I've always trained 2 recall commands. "come" which is the basic obediance command and "to me" which pretty much means head in my direction which could then be directed "away" , "swing wide", "left", "right", etc. Maybe you could do something similar.


----------



## bridget246 (Oct 26, 2011)

Celt said:


> I've always trained 2 recall commands. "come" which is the basic obediance command and "to me" which pretty much means head in my direction which could then be directed "away" , "swing wide", "left", "right", etc. Maybe you could do something similar.


Yep that is what I was asking about. That way she doesn't get the two confused.

I forgot to mention the down changes. Their down is a drop the ground. It is faster. Bridget sits and then lays down. It is the way I showed her how to do it so it is my fault. Now I will just have to retrain her to go straight down and I'll give it a new name.


----------



## IslandPaws4Raw (Sep 7, 2011)

bridget246 said:


> Yep that is what I was asking about. That way she doesn't get the two confused.
> 
> I forgot to mention the down changes. Their down is a drop the ground. It is faster. Bridget sits and then lays down. It is the way I showed her how to do it so it is my fault. Now I will just have to retrain her to go straight down and I'll give it a new name.
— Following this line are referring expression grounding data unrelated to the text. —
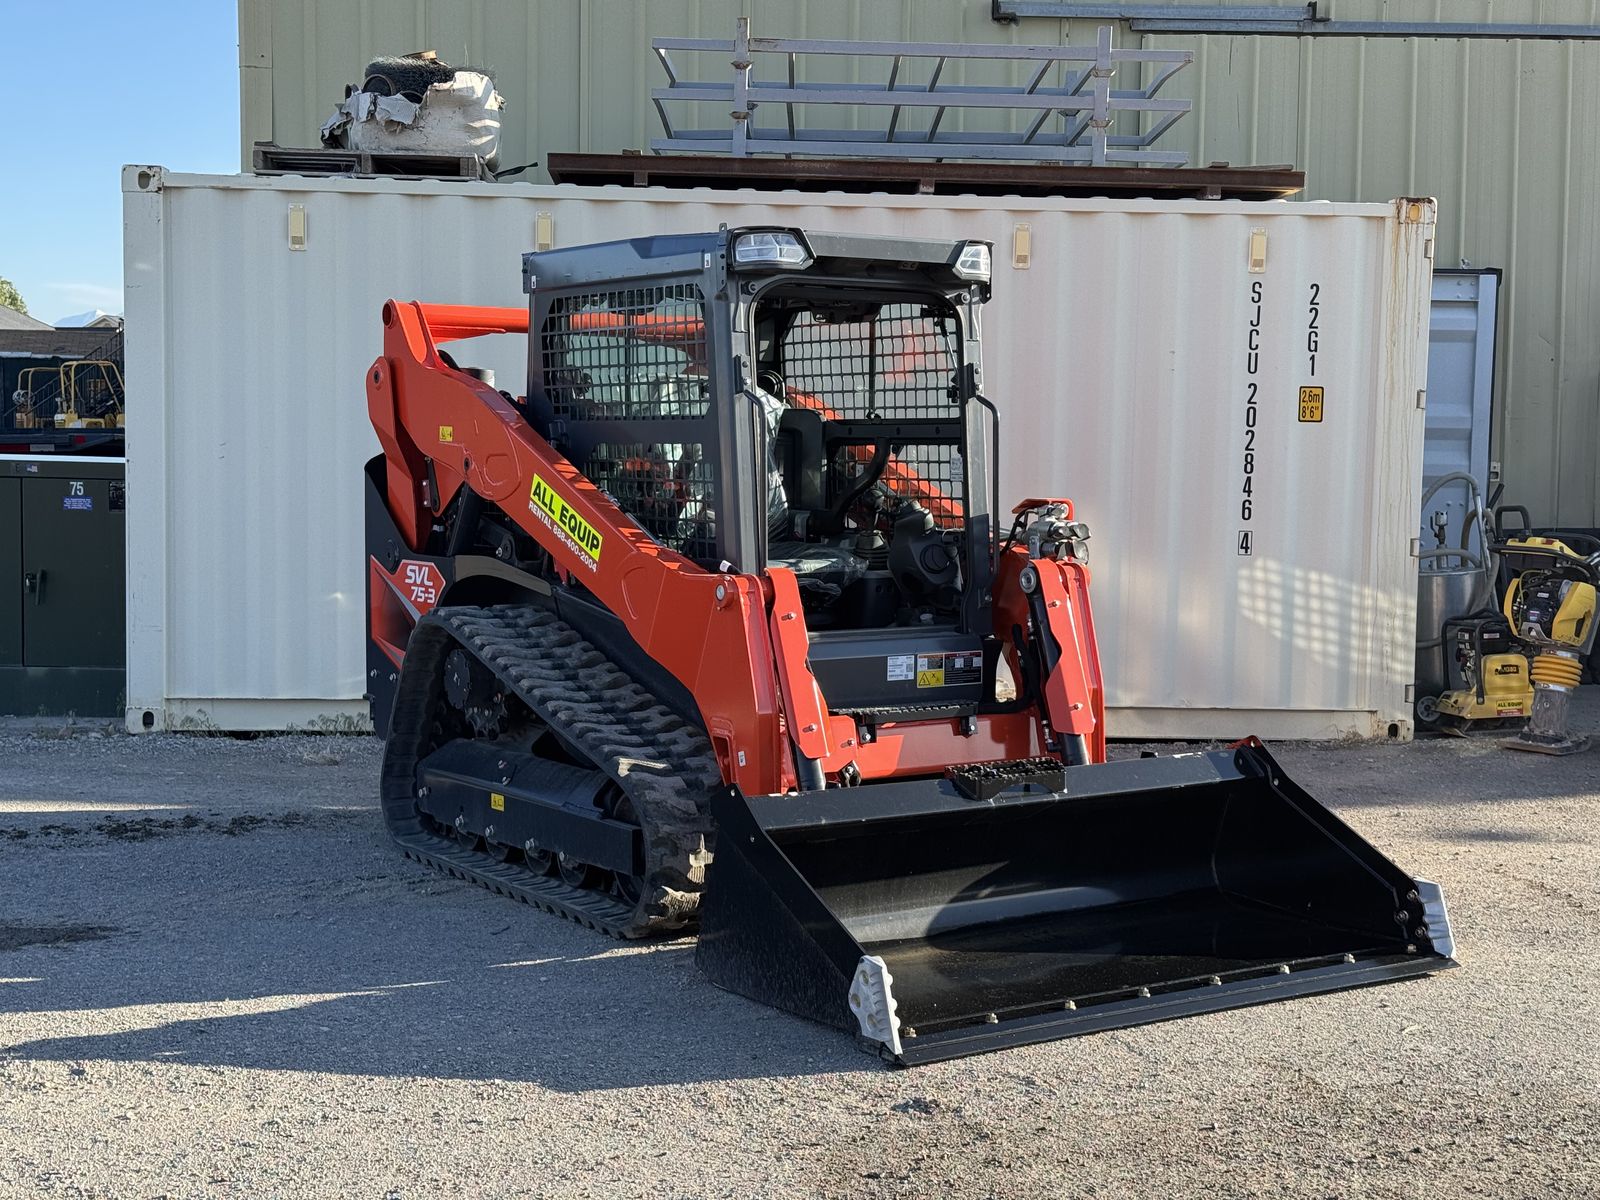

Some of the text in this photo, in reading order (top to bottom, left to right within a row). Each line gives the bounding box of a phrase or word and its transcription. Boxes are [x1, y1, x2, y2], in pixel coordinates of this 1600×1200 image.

[1307, 283, 1320, 376] 22G1
[1239, 281, 1262, 554] SJCU 202846 4
[1301, 390, 1320, 405] 2,6m
[69, 481, 84, 496] 75
[528, 500, 597, 573] RENTAL 888-400-2004
[532, 481, 600, 552] ALL EQUIP
[405, 565, 433, 586] SVL
[411, 586, 436, 604] 75-3
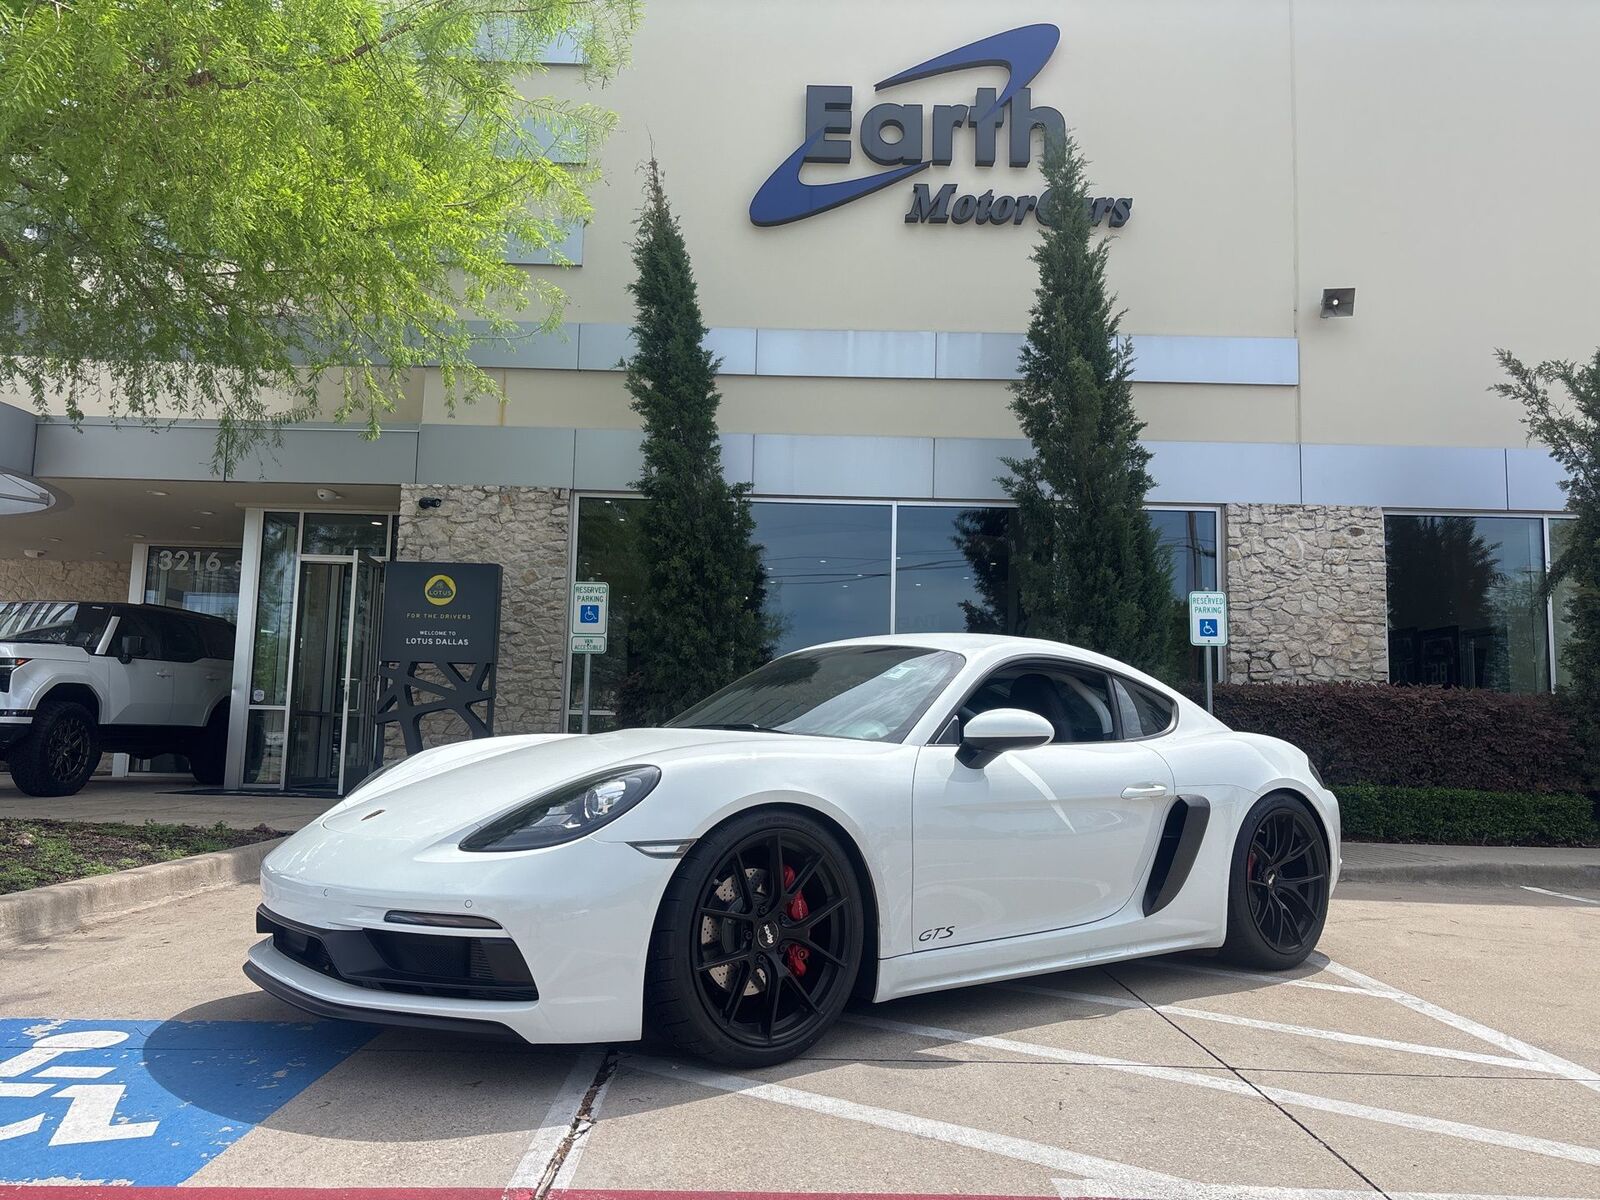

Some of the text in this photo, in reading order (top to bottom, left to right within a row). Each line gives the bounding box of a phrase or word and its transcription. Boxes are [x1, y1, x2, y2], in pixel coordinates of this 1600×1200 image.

[804, 84, 1067, 168] Earth
[904, 183, 1134, 229] MotorCrs
[428, 589, 453, 597] LOTUS
[575, 586, 607, 594] RESERVED
[577, 595, 604, 603] PARKING
[1192, 597, 1224, 605] RESERVED
[1194, 606, 1222, 614] PARKING
[405, 637, 469, 646] LOTUS DALLAS
[918, 925, 956, 942] GTS
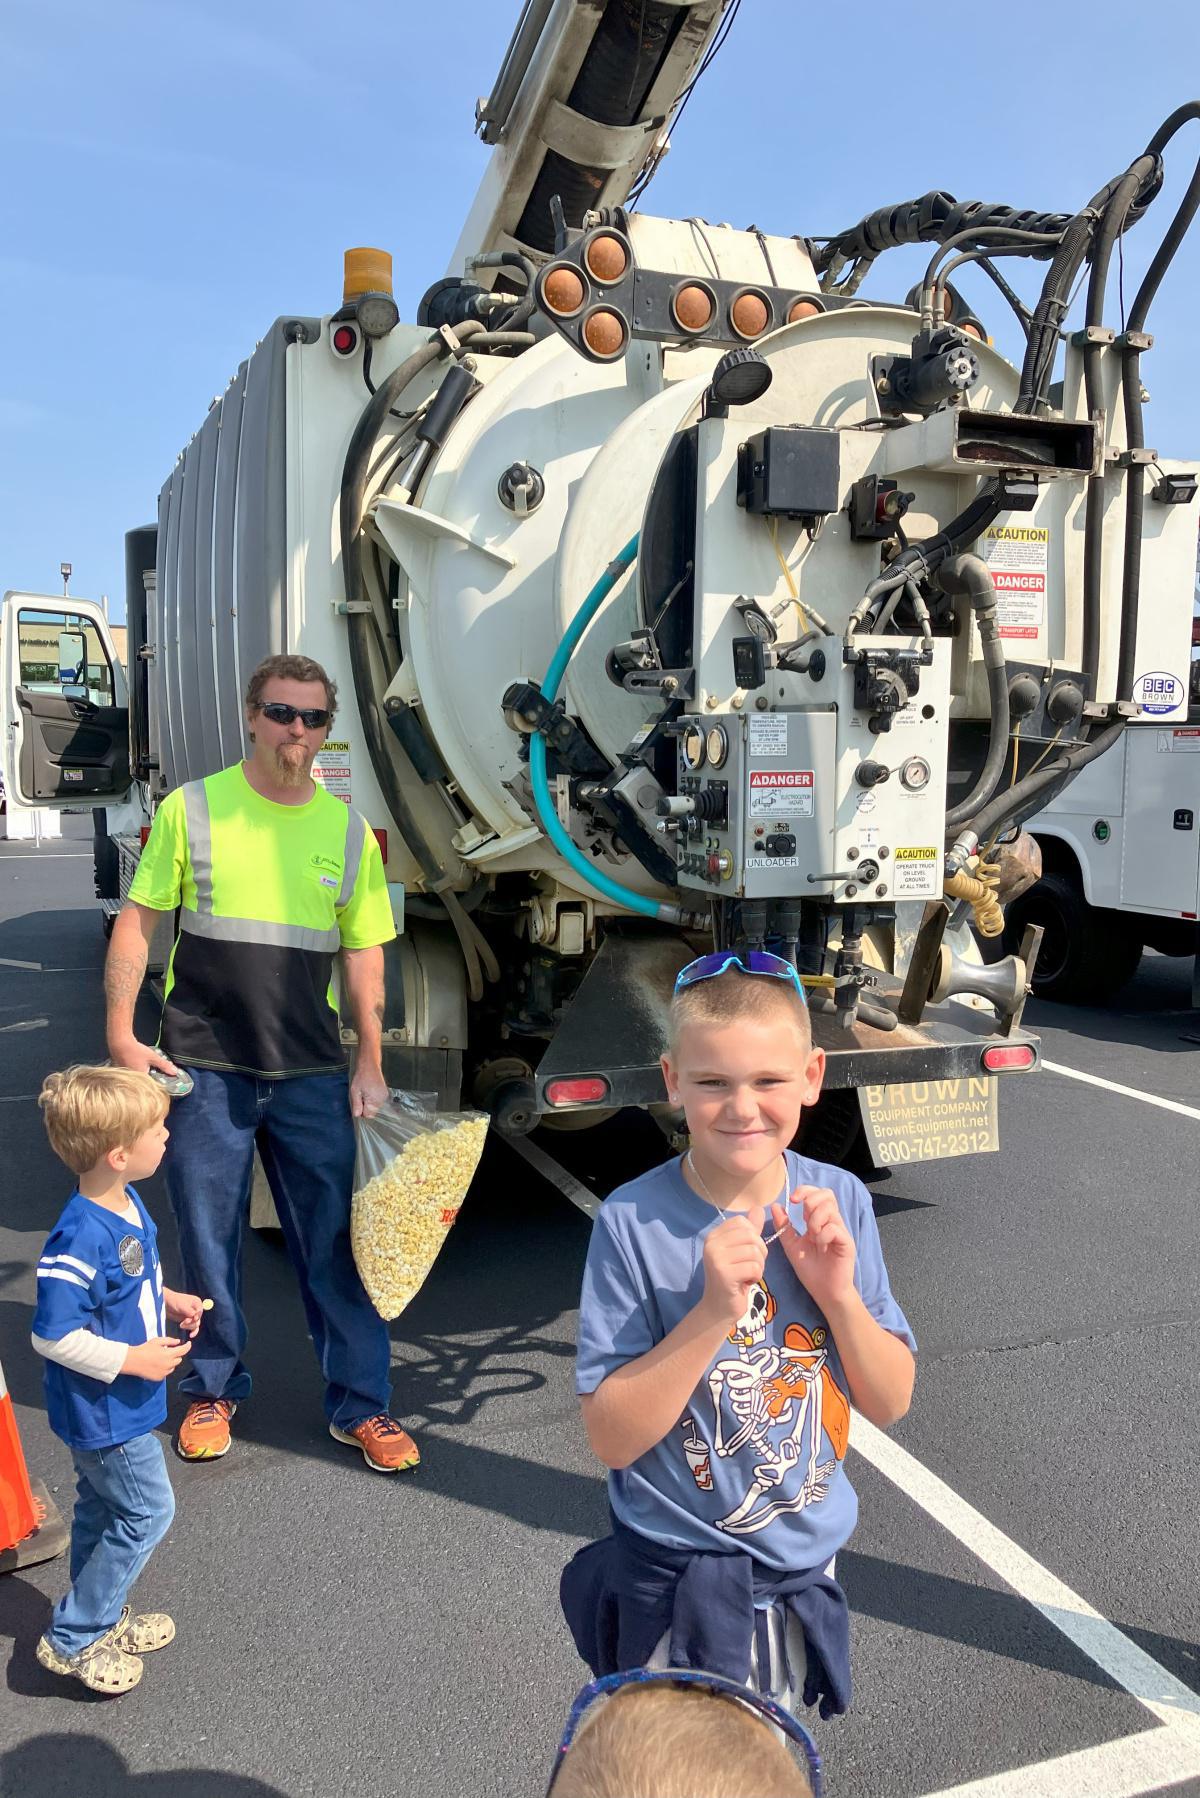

You can use different commands for the different disciplines, "here" for agility for example. For me I would just mix them up all the time, so I just stick with "come". As you get into higher levels of agility though you'll find that the recall is used less and less, because you will be working at a distance from Bridget. She will be getting her cues more from your body language than anything else. So don't worry too much about her getting confused between the two. Maybe try giving her a verbal clue as to what she will be working on like "lets go play" for agility. Even the difference between which collar you put on will clue her into what's about to happen.

There are different types of agility with different rules. Do you know which one your club is attached to? AKC, USDAA....etc I ask because our club pretty much follows AKC rules. With that said, don't stress too much about the drop command, she won't be a speed demon anyway because of her size. If it's AKC they don't require downs on the table anymore. As long as all four feet are on the table the count is going on, so they can even stand there. 

Agility is fun! And yeah it's more focused on positive training methods. 

A good drop on command will be needed if you go to the higher levels of obedience as well, so even though she's programmed to sit first it might be easier to teach her the drop now.


----------



## bridget246 (Oct 26, 2011)

It is akc. But they will show me other ways of doing it later on if I wish to go that route.


----------



## Celt (Dec 27, 2010)

Oh, I just remembered (I haven't trained the spoiled brats to the same level as my other dogs), I used the commands: drop which meant lay down instantly wherever the dog was and in the "sphinx" position so they could get up quickly, lay down was for a "lazy" down (the sit first kind) and relax. Then there was hold- stay in that spot but the dog could change position, and stay which meant don't move until told to. There was a bunch of others but I think those would be the most "useful"


----------



## StdPooDad (Mar 16, 2012)

No need to give it a new name, unless you *want* two separate down commands.
I started clicker training Teaghan a few weeks ago, it is AMAZING! I just stood in the living room with a clicker and treats and waited for her to do something. I didnt expect the complete down behavior, but I just stood and watched her, clicker at the ready.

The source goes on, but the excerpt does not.